'Your courtship take precedence of that of the great prophet Tuiskoshirer!' cried one of the ragged bridal train, springing towards Clara, seizing her by the arm and endeavoring forcibly to drag her to her detested suitor. Alf instantly seized him by the body and with a powerful swing threw him over the garden fence. 'Who else will interfere?' cried he, lustily, making after the multitude, who in great trepidation were seeking the door.
'An insolent reply was all that I wanted,' snarled Tuiskoshirer, as he followed his retreating rabble.
'Sister and sister-in-law at the same time?' asked Eliza in a tone of bitterness, pointing towards Clara. 'I might at least have been previously informed of it,' said she, leaving the garden in a rage.
'Necessity knows no law, dear Eliza,' pleaded Alf, following her.
'It is a heavy duty which I have taken upon me,' said Clara to herself, 'to preserve the appearance of coldness toward the man whom I love better than all the world beside; but God will help me.'
CHAPTER XII.
In the course of the next week Alf had sufficiently softened Eliza's anger: she had with a heavy heart learned to share her beloved husband's name with her unloved sister, and Alf now went to his worthy kinsman, the former burgomaster Kippenbrock, to invite him to the marriage feast. He found the good man a perfect contrast to his terrible ex-colleague; in the short brown butcher's jacket and white apron, with his sleeves rolled up, he was standing in his shop, making sausages;--his full, red, contented face covered with glistening drops of perspiration, a proof that he pursued his occupation with right good will.

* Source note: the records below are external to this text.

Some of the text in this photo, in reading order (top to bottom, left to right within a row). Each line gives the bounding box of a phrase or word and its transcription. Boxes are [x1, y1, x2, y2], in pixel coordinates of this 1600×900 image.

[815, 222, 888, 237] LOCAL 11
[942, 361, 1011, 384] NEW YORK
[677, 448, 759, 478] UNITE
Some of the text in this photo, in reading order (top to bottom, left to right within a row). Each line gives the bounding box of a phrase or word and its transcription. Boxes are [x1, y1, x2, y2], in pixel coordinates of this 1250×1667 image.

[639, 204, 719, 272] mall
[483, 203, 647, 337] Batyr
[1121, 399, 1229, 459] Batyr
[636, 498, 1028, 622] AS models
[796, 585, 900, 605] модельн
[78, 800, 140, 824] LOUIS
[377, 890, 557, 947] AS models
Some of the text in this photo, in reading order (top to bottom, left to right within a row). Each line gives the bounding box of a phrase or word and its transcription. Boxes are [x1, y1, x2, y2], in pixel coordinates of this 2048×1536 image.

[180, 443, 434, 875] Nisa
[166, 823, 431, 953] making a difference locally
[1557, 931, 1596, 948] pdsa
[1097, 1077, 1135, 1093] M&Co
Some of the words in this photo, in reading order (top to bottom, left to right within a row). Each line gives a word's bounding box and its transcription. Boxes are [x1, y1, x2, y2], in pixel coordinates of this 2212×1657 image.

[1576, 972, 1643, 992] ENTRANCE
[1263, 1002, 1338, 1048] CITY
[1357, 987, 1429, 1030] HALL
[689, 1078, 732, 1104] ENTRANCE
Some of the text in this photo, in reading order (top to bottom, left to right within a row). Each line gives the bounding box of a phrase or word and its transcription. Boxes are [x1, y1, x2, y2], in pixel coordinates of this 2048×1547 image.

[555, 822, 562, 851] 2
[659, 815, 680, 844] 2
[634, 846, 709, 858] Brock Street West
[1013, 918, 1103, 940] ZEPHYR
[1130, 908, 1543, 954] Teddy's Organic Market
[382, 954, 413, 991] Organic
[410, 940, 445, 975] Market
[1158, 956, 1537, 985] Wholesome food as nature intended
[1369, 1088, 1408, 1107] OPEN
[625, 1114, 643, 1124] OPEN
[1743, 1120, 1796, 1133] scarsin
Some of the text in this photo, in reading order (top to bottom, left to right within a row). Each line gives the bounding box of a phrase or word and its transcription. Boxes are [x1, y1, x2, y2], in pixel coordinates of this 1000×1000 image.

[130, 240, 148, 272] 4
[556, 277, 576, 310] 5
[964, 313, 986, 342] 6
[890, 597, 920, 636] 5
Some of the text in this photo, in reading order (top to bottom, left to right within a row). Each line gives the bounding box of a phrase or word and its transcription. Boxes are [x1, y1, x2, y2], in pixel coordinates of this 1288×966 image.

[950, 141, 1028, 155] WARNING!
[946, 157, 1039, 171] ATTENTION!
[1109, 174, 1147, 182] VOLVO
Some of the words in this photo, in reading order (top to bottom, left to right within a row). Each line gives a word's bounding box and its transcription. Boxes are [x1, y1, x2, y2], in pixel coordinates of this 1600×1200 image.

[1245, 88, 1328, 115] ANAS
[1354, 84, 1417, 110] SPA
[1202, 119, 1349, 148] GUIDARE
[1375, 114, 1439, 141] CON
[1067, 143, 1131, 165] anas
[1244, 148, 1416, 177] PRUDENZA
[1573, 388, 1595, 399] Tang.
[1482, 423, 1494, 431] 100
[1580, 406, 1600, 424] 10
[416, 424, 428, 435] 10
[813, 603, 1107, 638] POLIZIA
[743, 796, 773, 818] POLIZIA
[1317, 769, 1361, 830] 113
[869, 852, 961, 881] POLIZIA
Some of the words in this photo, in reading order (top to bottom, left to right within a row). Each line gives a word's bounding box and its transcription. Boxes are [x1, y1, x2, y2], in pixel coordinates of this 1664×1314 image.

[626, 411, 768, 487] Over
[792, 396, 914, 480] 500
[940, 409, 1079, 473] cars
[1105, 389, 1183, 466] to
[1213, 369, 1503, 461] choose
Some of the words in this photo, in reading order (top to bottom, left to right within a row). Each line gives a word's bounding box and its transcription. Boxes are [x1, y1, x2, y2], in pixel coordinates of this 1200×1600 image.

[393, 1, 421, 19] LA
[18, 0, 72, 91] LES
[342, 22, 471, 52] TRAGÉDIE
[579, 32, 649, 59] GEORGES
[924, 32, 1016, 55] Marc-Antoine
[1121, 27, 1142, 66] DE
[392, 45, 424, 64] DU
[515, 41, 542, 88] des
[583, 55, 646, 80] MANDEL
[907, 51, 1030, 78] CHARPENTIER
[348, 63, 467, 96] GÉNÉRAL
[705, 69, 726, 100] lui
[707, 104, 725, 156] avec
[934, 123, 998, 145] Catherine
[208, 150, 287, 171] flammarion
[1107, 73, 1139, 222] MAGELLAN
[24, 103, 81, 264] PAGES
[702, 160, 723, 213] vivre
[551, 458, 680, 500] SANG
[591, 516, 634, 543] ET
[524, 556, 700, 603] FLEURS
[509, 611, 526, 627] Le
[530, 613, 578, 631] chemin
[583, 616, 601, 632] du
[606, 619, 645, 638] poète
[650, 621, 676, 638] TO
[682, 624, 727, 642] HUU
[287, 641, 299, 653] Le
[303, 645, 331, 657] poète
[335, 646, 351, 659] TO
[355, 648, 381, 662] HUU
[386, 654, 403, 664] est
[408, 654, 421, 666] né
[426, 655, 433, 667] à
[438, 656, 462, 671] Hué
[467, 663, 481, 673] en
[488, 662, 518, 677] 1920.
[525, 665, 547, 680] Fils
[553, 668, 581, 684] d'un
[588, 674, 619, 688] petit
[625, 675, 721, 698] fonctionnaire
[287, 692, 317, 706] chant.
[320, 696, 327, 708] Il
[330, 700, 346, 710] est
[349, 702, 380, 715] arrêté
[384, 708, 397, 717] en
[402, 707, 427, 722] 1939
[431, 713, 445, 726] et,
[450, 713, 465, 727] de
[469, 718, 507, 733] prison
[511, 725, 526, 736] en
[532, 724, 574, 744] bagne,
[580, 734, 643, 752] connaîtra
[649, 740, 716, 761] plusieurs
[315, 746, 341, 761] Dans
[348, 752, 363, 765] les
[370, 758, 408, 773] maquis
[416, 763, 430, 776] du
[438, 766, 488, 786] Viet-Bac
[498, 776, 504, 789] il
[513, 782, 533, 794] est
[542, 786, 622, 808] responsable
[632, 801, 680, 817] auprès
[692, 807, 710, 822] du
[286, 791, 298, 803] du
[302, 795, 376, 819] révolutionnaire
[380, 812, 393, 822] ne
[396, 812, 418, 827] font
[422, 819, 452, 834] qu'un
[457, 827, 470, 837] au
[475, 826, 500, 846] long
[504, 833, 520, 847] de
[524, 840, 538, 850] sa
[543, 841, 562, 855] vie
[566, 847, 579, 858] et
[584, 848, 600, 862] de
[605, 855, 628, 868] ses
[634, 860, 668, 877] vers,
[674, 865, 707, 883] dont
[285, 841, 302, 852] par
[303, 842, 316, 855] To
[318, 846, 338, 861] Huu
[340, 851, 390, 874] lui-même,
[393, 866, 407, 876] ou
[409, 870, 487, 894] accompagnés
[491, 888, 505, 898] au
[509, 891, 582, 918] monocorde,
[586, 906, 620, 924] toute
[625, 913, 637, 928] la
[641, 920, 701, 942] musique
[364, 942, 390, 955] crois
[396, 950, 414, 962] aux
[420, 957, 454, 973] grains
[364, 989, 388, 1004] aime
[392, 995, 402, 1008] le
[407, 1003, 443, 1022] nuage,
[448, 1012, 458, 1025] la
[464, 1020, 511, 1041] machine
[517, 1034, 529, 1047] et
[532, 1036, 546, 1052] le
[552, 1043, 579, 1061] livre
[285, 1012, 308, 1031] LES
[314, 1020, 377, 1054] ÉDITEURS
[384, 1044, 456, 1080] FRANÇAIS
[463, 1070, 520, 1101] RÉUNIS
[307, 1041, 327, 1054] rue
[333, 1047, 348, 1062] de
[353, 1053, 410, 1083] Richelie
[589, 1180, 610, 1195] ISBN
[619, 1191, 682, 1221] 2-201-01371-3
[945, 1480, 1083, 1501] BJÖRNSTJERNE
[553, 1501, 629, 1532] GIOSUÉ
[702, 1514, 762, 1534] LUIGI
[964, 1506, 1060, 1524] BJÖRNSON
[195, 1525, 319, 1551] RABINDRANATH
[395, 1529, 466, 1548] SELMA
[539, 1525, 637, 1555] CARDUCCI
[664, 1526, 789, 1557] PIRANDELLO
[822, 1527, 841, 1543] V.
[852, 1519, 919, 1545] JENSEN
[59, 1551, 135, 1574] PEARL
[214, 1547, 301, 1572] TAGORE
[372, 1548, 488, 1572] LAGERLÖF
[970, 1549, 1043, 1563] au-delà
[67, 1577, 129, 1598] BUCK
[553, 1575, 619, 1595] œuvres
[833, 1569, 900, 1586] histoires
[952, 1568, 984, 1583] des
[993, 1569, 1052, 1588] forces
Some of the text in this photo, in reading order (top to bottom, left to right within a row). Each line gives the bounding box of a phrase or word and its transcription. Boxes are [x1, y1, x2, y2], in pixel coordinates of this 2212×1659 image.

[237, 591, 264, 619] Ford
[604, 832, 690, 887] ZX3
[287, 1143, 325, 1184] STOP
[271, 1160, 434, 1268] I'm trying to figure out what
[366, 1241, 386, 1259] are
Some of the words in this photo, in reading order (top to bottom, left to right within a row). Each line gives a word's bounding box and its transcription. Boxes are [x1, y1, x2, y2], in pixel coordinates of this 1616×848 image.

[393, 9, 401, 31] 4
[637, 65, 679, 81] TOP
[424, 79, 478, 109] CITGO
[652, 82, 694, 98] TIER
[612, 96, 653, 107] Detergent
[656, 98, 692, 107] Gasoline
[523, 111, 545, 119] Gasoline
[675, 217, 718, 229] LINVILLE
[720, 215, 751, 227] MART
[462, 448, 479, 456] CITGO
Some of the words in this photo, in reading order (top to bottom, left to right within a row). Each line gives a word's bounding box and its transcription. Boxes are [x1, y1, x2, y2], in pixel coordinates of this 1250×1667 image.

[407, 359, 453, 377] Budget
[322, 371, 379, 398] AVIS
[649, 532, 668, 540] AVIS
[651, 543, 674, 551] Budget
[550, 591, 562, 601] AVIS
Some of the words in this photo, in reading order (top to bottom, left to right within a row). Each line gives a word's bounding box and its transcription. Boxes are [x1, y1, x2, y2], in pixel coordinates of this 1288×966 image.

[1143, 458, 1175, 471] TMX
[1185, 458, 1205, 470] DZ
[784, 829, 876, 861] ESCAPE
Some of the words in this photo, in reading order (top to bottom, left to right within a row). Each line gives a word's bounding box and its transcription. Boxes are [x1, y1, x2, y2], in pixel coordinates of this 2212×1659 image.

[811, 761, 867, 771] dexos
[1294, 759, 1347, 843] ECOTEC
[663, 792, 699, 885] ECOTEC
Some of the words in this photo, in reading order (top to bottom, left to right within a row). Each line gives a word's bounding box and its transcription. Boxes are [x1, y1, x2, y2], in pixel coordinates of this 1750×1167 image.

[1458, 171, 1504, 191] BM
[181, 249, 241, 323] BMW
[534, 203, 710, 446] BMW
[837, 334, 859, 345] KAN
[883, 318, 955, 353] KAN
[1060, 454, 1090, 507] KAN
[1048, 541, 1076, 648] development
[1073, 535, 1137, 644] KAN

'I am rejoiced, good kinsman, that you have so easily submitted to the loss of political greatness.'
'Yes, kinsman,' answered Gerhard familiarly, laying down his sausage-knife, 'to thee I may say it; thou wilt keep clean lips, and so it will remain in the family--when I was compelled to lay down the burgomastership and take off the chain of honor, I might as well have been knocked on the head with an axe, like one of my own fat oxen, and I bore my deposition not at all submissively; but as I reflected more upon the subject, I came to consider it less an evil, and now all is well with me. There was much vexation about the office also, and I oftentimes felt that I was not adapted to it. When a man once undertakes to perform duties, which his education has not prepared him for, he always continues unsuitable for the place, and often inadvertently does great injustice to the people. It was truly a fortunate circumstance, however, that my learned colleague Knipperdolling had sufficient acuteness to keep us out of difficulty, else I should have been compelled to abandon my office on the first day. Now, comparatively, I live in heaven, slaughtering my oxen and my swine, which I understand thoroughly--my sausages are always the best in Munster--and it is wholly a different thing when one is quite at home in his employment. Mark me, if the chief prophet should at any time offer me an office, so true as my name is Gerhard Kippenbrock, I would say NO, and would stick to my hatchet and chopping-block!'
Alf praised his noble renunciation of office, and then formally brought forward his invitation.